> [Task item] The entries are to be reproduced verbatim, and their pictures left out.

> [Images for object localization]

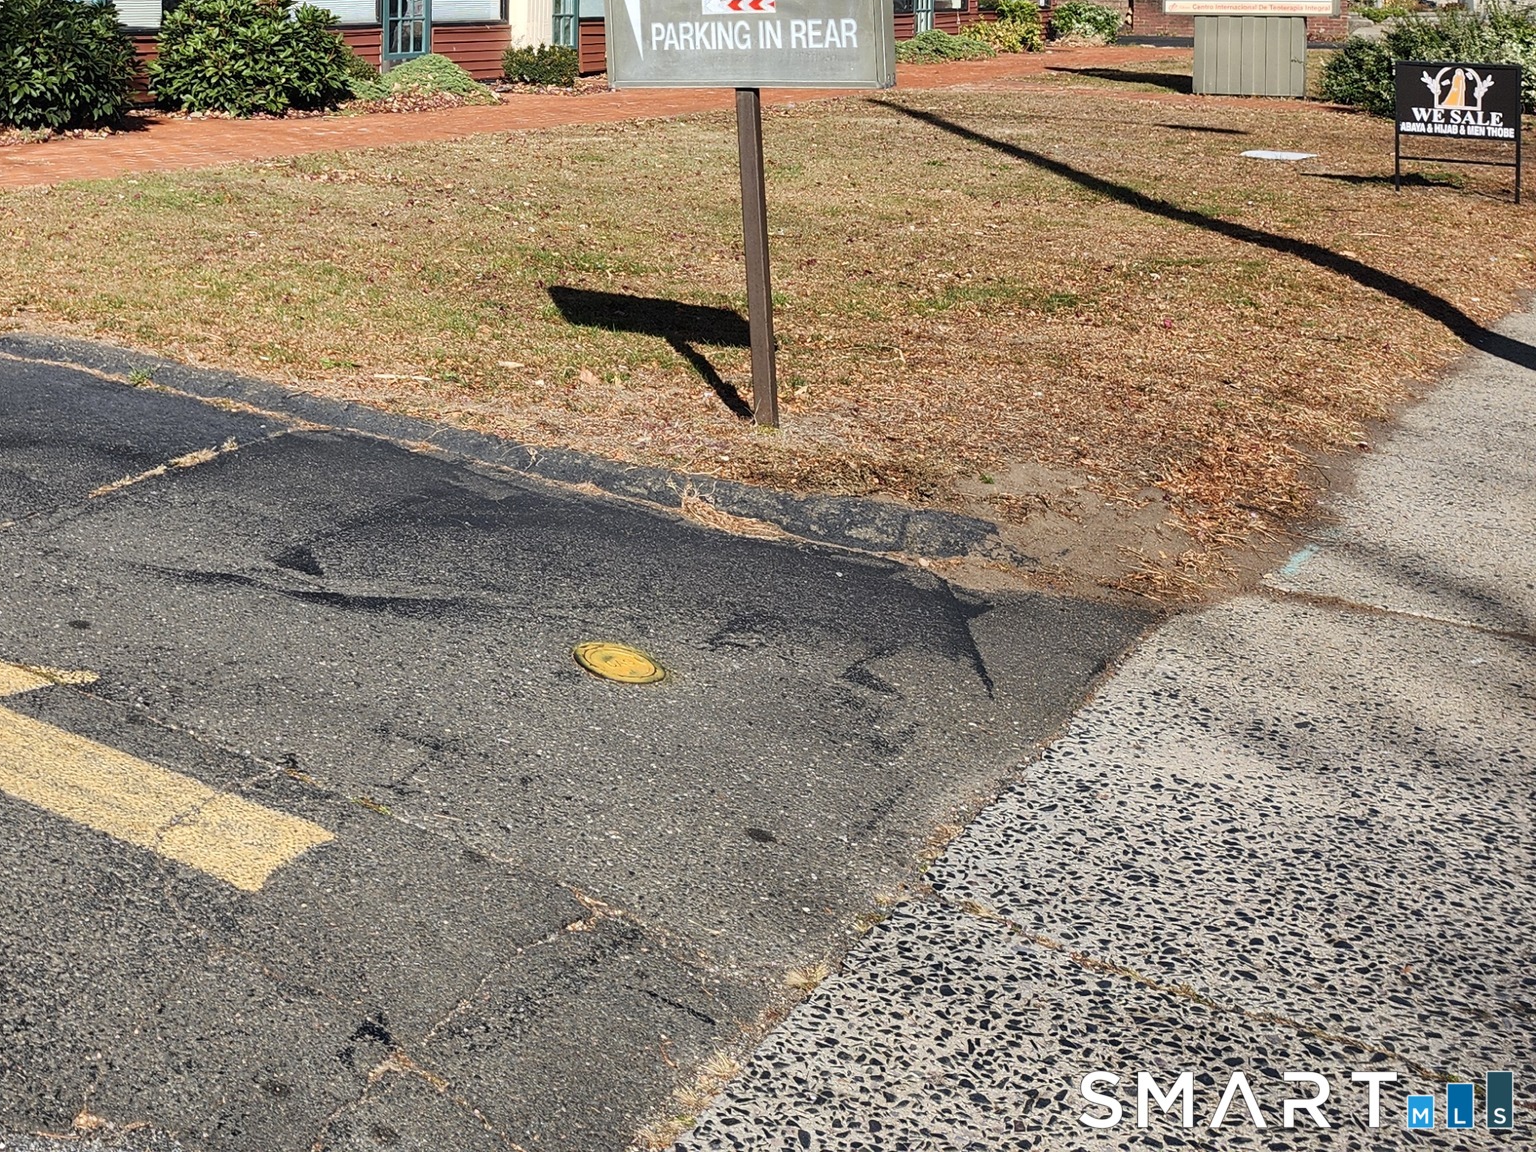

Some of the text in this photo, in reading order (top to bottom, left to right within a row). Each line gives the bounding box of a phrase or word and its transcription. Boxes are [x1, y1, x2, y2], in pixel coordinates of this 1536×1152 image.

[651, 18, 858, 50] PARKING IN REAR
[1412, 108, 1504, 126] WE SALE
[1400, 122, 1515, 138] ABAYA & HIJAB & MEN THOBE
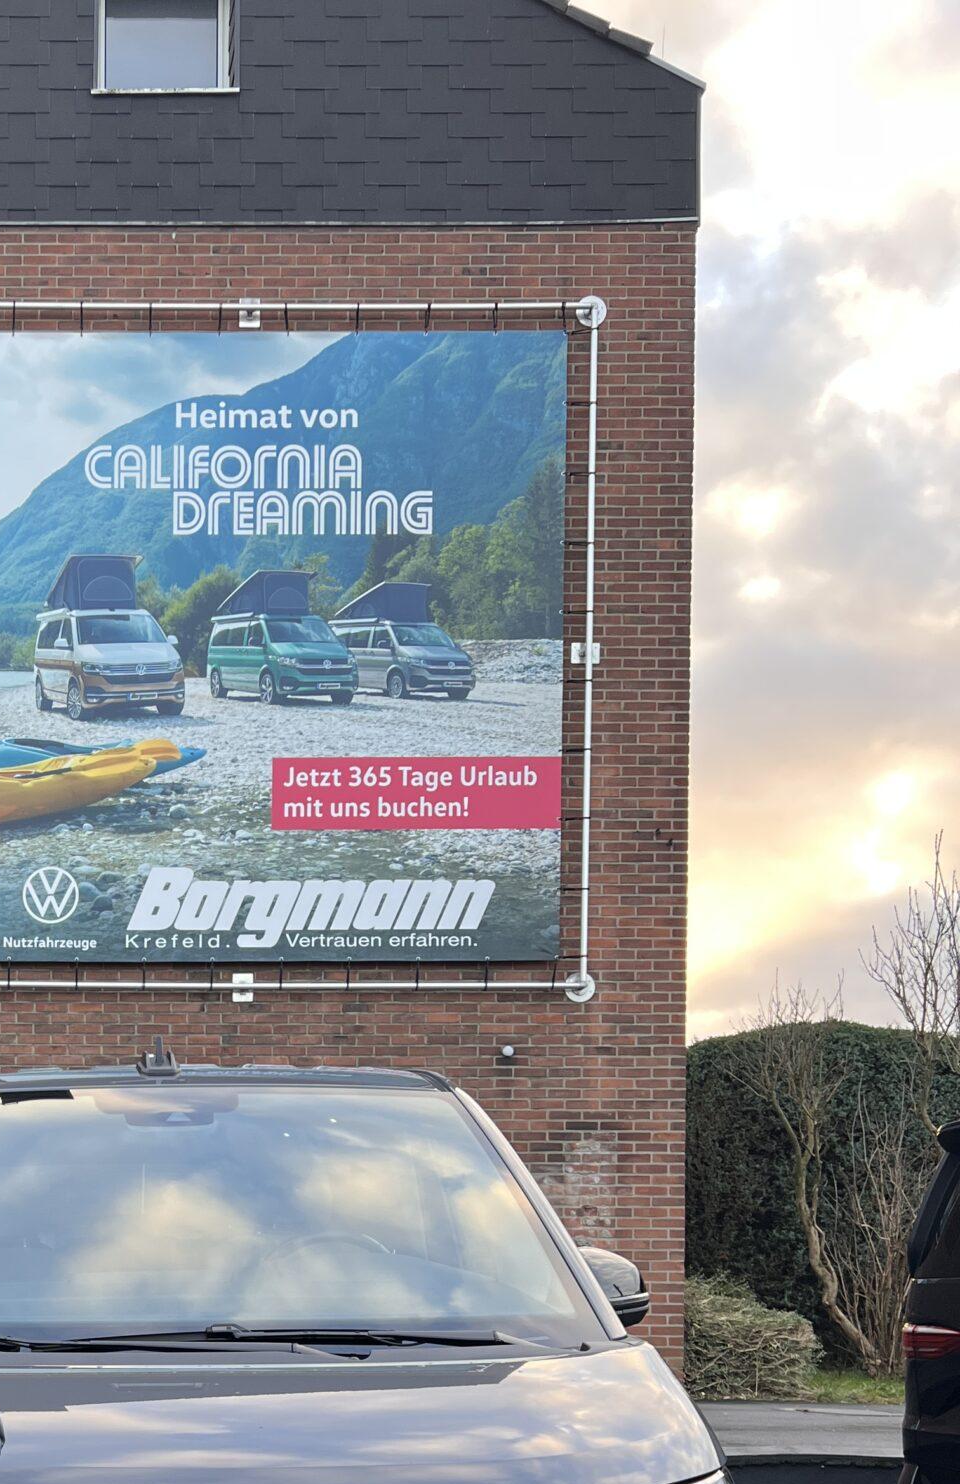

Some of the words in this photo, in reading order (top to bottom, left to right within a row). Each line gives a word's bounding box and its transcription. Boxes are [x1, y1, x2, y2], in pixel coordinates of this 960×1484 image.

[175, 402, 292, 429] Heimat
[300, 408, 359, 429] von
[84, 444, 363, 489] CALIFORNIA
[172, 490, 434, 535] DREAMING
[283, 766, 342, 787] Jetzt
[348, 766, 391, 787] 365
[398, 766, 453, 792] Tage
[460, 765, 538, 787] Urlaub
[283, 797, 323, 817] mit
[330, 801, 371, 817] uns
[377, 796, 469, 817] buchen!
[126, 867, 496, 948] Borgmann
[3, 936, 97, 951] Nutzfahrzeuge
[125, 934, 231, 948] Krefeld.
[286, 933, 382, 947] Vertrauen
[389, 932, 478, 947] erfahren.
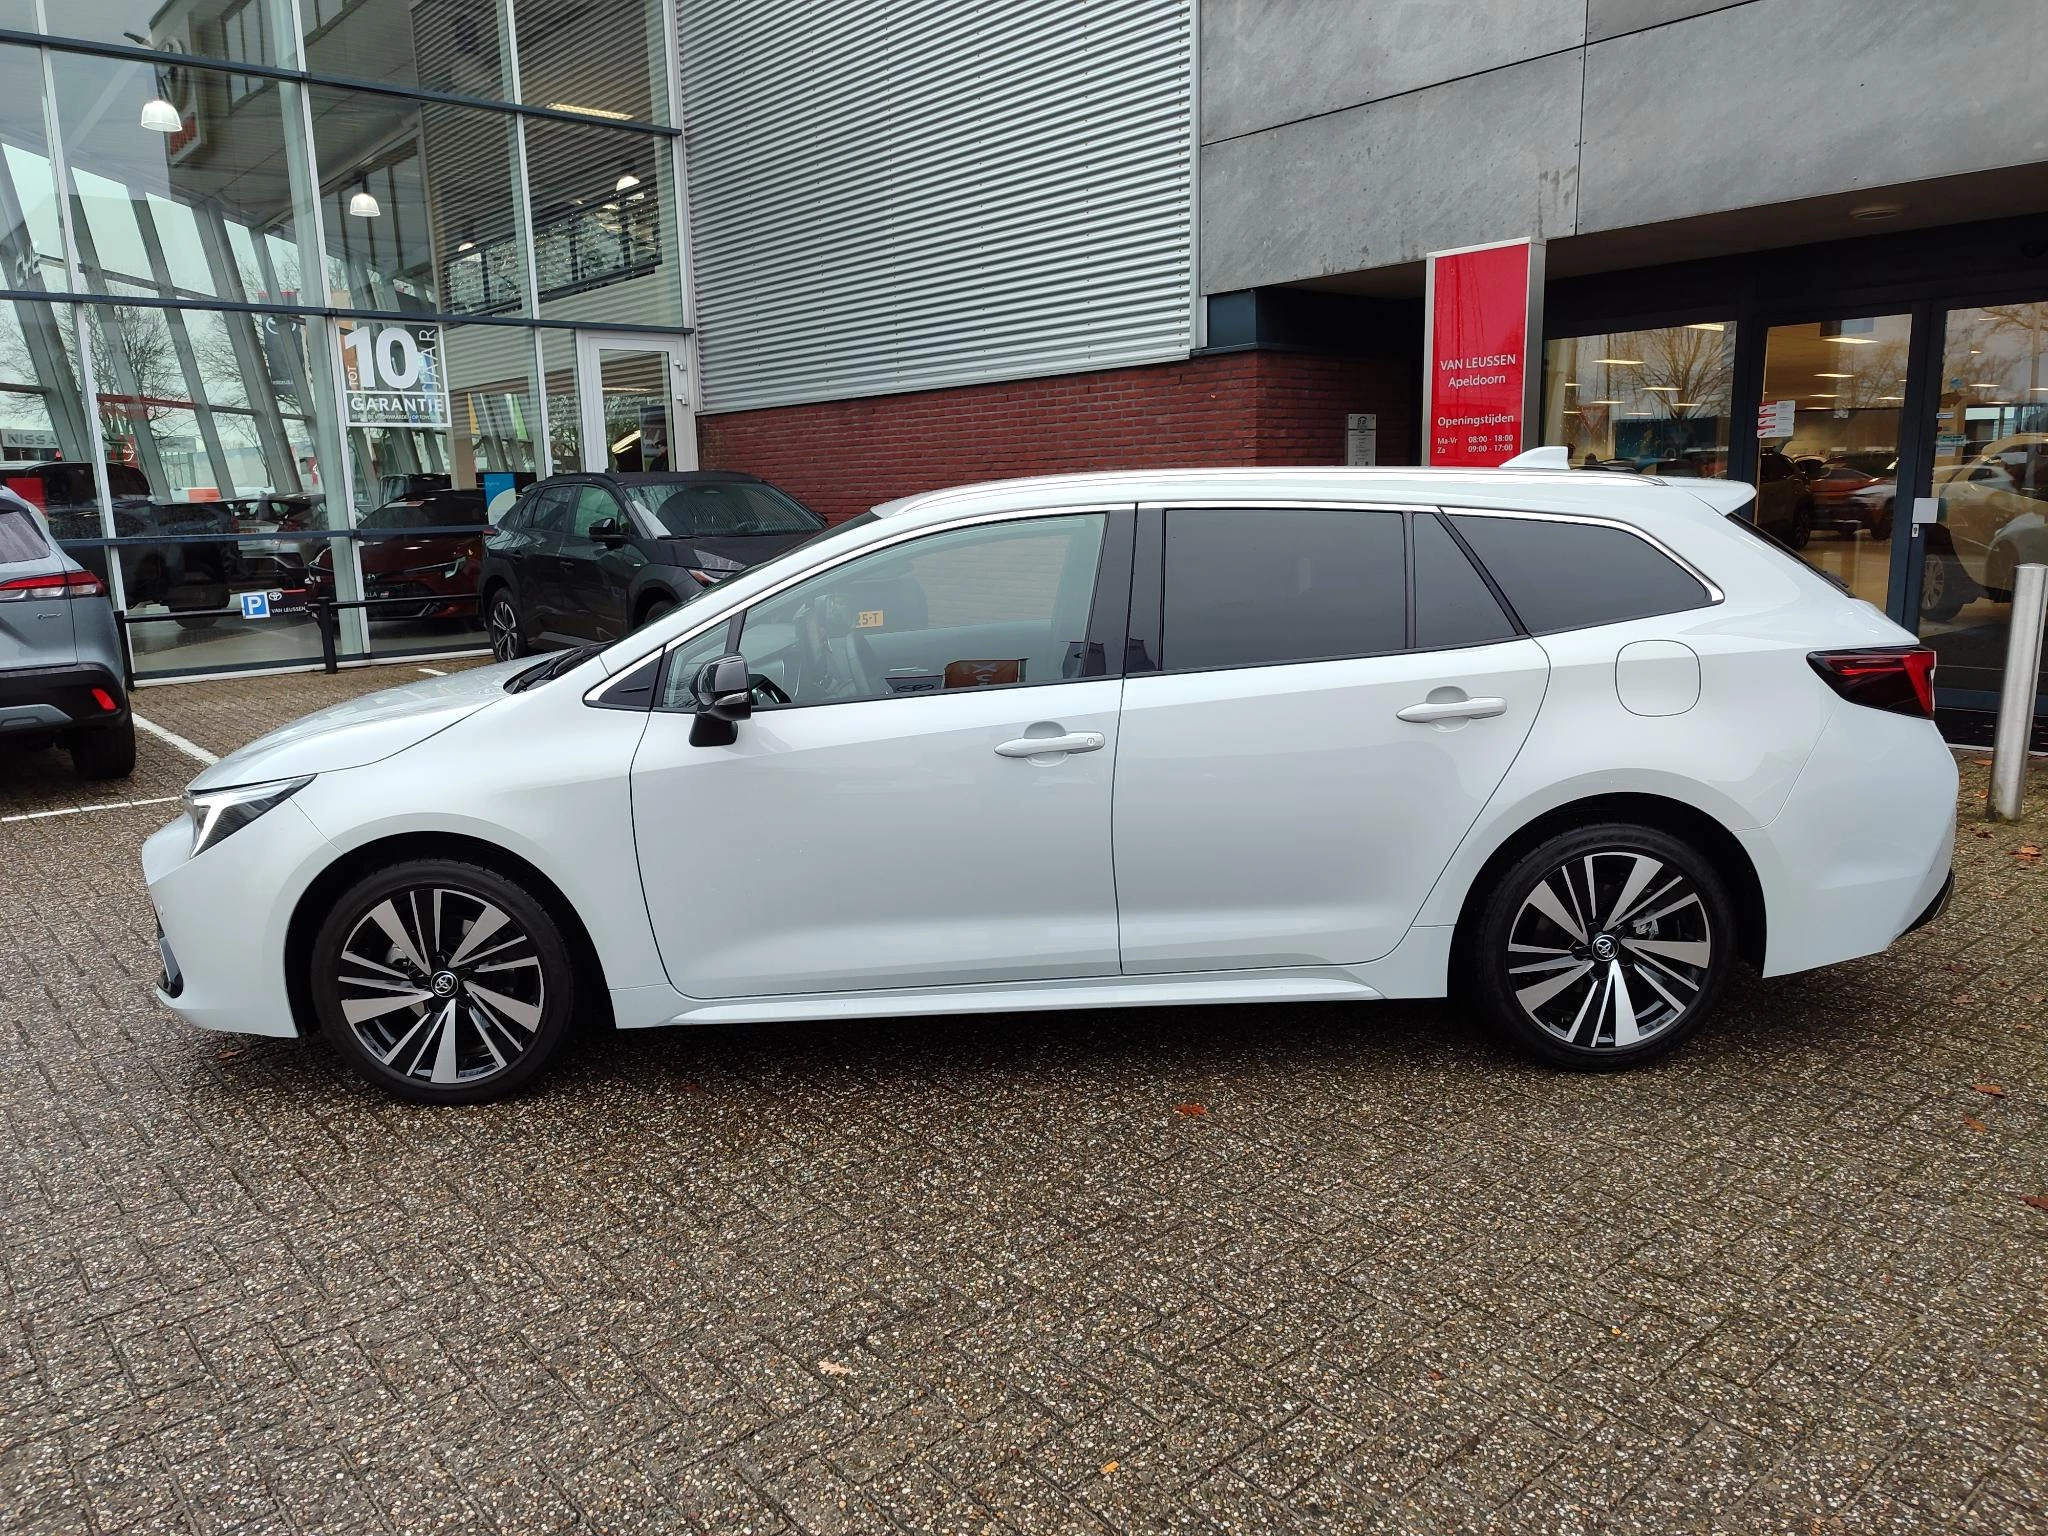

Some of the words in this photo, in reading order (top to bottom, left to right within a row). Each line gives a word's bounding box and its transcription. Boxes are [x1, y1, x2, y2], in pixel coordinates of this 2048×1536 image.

[344, 326, 421, 389] 10
[418, 329, 441, 390] JAAR
[1440, 359, 1463, 371] VAN
[1466, 354, 1516, 369] LEUSSEN
[347, 365, 359, 387] TOT
[1448, 374, 1506, 390] Apeldoorn
[350, 397, 445, 412] GARANTIE
[1437, 413, 1514, 428] Openingstijden
[7, 432, 57, 445] NISSA
[1437, 437, 1458, 445] Ma-Vr
[1468, 435, 1488, 443] 08:00
[1494, 434, 1514, 442] 18:00
[1468, 445, 1487, 453] 09:00
[1494, 444, 1513, 452] 17:00
[247, 596, 262, 615] P
[283, 605, 306, 613] LEUSSEN
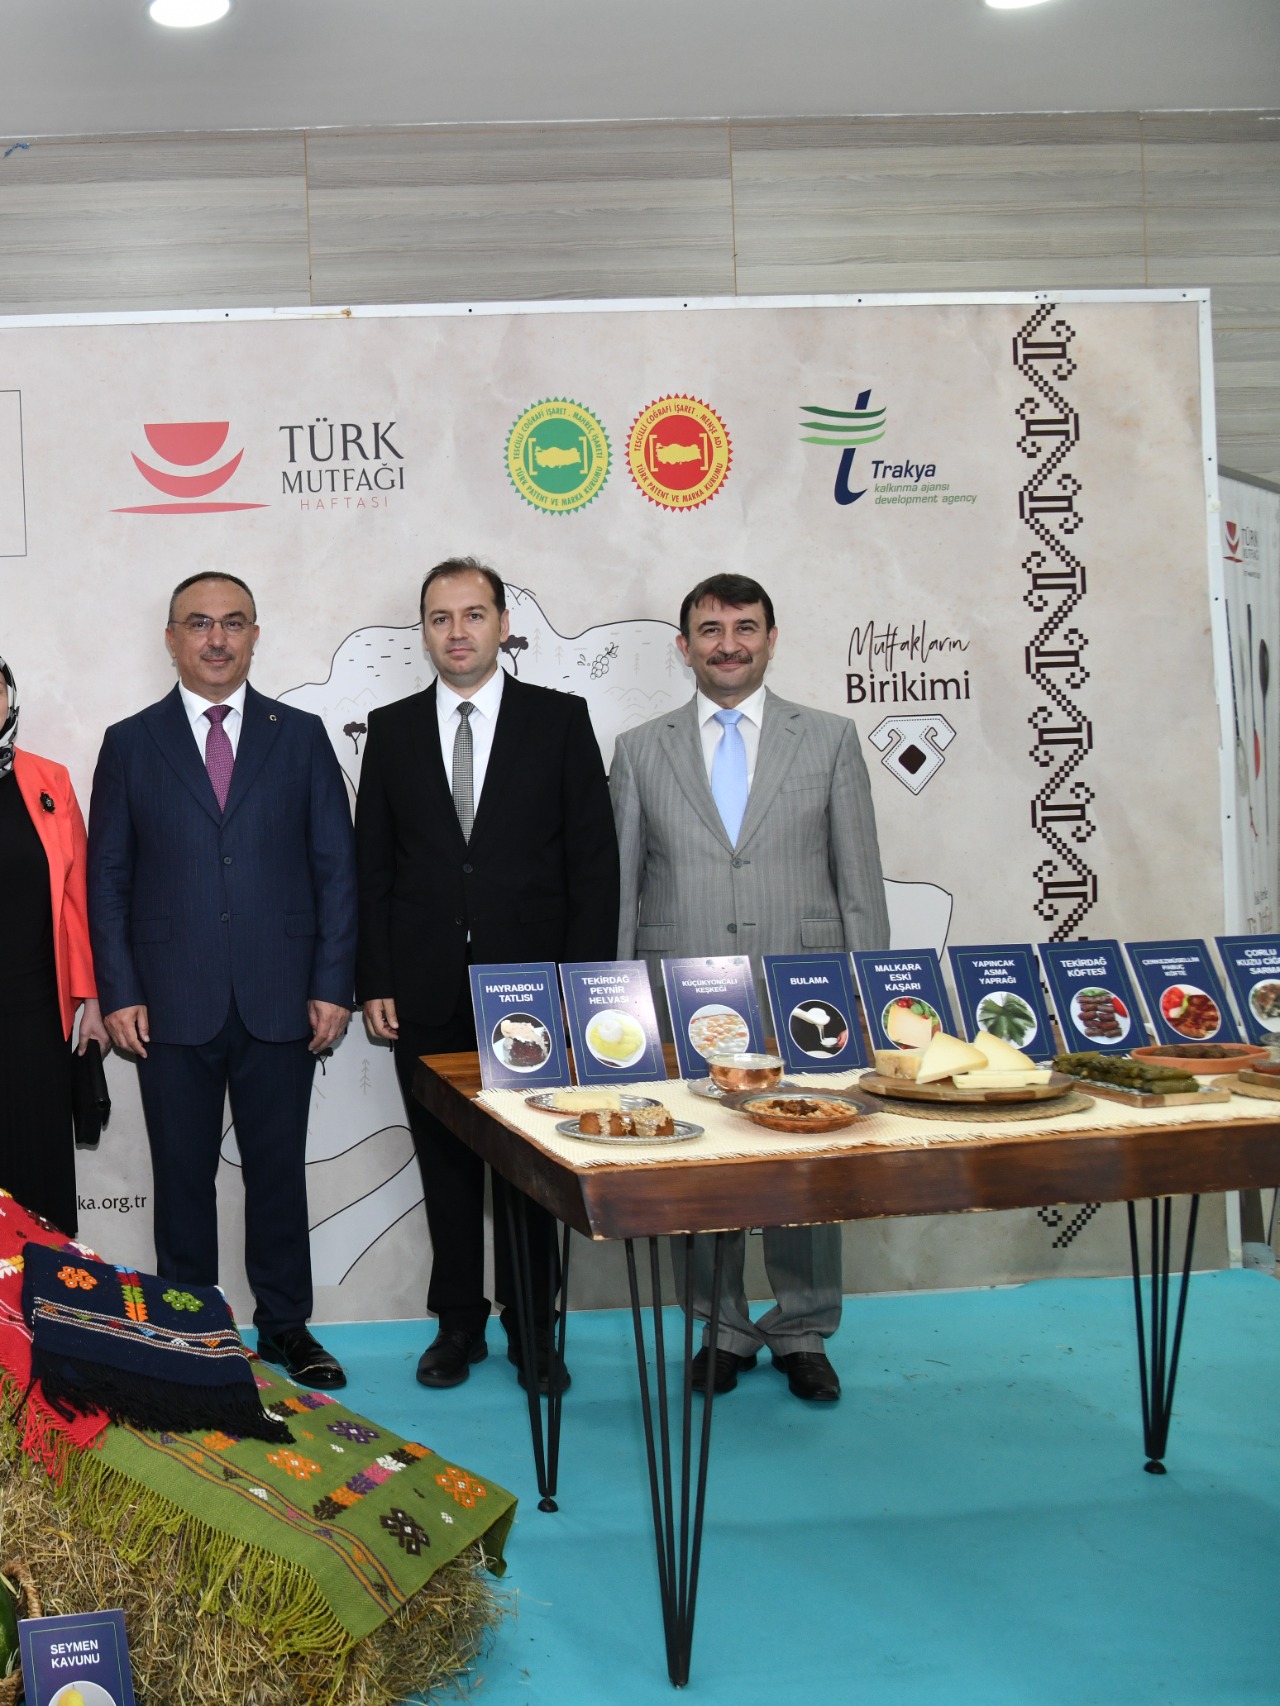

> [Solution]
Some of the text in this photo, in reading order (top to bottom, left to right within a row). Each line gives the bounding box of a phrase or word and its transcription. Boxes are [x1, y1, x2, y2], in pixel coordinates of this 1536×1152 image.

[651, 18, 858, 50] PARKING IN REAR
[1412, 108, 1504, 126] WE SALE
[1400, 122, 1515, 138] ABAYA & HIJAB & MEN THOBE

Some of the words in this photo, in reading order (top to bottom, left to right within a row). Each line gives a word's bounding box and its transcription. Boxes are [x1, y1, x2, y2], in pixel coordinates of this 960×1484 image.

[175, 402, 292, 429] Heimat
[300, 408, 359, 429] von
[84, 444, 363, 489] CALIFORNIA
[172, 490, 434, 535] DREAMING
[283, 766, 342, 787] Jetzt
[348, 766, 391, 787] 365
[398, 766, 453, 792] Tage
[460, 765, 538, 787] Urlaub
[283, 797, 323, 817] mit
[330, 801, 371, 817] uns
[377, 796, 469, 817] buchen!
[126, 867, 496, 948] Borgmann
[3, 936, 97, 951] Nutzfahrzeuge
[125, 934, 231, 948] Krefeld.
[286, 933, 382, 947] Vertrauen
[389, 932, 478, 947] erfahren.

Some of the words in this photo, in reading order (top to bottom, left to right within a row). Each line gives a word's bounding box and its transcription. Boxes are [x1, y1, x2, y2], in pixel coordinates of this 2048×1536 image.

[344, 326, 421, 389] 10
[418, 329, 441, 390] JAAR
[1440, 359, 1463, 371] VAN
[1466, 354, 1516, 369] LEUSSEN
[347, 365, 359, 387] TOT
[1448, 374, 1506, 390] Apeldoorn
[350, 397, 445, 412] GARANTIE
[1437, 413, 1514, 428] Openingstijden
[7, 432, 57, 445] NISSA
[1437, 437, 1458, 445] Ma-Vr
[1468, 435, 1488, 443] 08:00
[1494, 434, 1514, 442] 18:00
[1468, 445, 1487, 453] 09:00
[1494, 444, 1513, 452] 17:00
[247, 596, 262, 615] P
[283, 605, 306, 613] LEUSSEN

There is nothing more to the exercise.